How to handle toxic relationships

How to handle toxic relationships

This is the fourth article in a four-part series on decluttering your life.

Do you have relationships that drain or discourage you? It may be time to reassess if they are a good fit for your life.

“I think even the wisest among us can stay in difficult relationships for a long time for various reasons,” says Angela Buttimer, MS, NCC, RYT, LPC, a licensed psychotherapist at Cancer Wellness at Piedmont. “Perhaps we are people-pleasers or are not quite aware of how painful a relationship is until we get away from it.”

The people around us can influence us significantly, so if someone is putting you down, is constantly negative or isn’t supportive, it may be time to reduce your interactions with them.

Managing toxic relationships

“The first thing I have people think about is the frequency and length of engagement with a toxic person,” she says. “You may not want to remove someone from your life completely, but you may want to alter the timing and frequency of how you often engage with them.”

For example, if you talk to a family member on the phone every day and the conversations leave you drained or upset, perhaps you can cut back on how often you call him or her. Or if a friend frequently insults you or isn’t supportive of your goals, perhaps you reduce how often you get together.

When relationships grow apart

Then there are people who are no longer a good fit in our lives.

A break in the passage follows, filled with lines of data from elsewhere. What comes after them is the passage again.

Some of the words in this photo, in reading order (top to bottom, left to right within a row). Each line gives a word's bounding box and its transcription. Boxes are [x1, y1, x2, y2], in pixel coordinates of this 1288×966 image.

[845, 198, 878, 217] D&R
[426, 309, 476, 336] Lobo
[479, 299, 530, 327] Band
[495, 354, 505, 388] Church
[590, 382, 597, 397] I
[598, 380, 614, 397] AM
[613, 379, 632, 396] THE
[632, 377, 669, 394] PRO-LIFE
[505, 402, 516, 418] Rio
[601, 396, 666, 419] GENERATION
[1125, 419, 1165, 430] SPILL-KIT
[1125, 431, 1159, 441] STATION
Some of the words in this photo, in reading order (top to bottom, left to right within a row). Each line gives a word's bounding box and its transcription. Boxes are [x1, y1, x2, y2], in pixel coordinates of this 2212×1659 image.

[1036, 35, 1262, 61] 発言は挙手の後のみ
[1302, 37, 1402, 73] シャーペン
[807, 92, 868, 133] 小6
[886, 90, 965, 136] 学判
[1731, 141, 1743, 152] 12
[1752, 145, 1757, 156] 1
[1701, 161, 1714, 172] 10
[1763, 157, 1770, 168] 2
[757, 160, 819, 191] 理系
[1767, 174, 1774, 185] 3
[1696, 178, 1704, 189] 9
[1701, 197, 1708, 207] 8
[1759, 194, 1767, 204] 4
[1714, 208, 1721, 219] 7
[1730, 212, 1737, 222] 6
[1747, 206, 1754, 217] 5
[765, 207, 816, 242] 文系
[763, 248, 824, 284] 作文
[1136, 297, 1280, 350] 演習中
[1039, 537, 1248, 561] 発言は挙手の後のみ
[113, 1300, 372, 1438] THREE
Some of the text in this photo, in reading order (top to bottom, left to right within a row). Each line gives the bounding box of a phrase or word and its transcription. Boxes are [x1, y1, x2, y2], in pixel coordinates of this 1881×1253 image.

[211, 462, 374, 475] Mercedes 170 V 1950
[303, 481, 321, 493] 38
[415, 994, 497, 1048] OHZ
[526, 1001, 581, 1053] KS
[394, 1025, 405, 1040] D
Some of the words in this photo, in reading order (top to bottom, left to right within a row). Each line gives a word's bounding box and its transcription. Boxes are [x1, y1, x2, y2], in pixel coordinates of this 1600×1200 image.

“As we all evolve and grow, we may take different paths in life and there is no longer a supportive dynamic in the relationship,” explains Buttimer. “It doesn’t mean you or your friend are good or bad, it’s simply means you are choosing different paths.”

Preserving your love and energy

When you make adjustments to toxic relationships, you preserve your love and energy for people who support you and who need your support in return.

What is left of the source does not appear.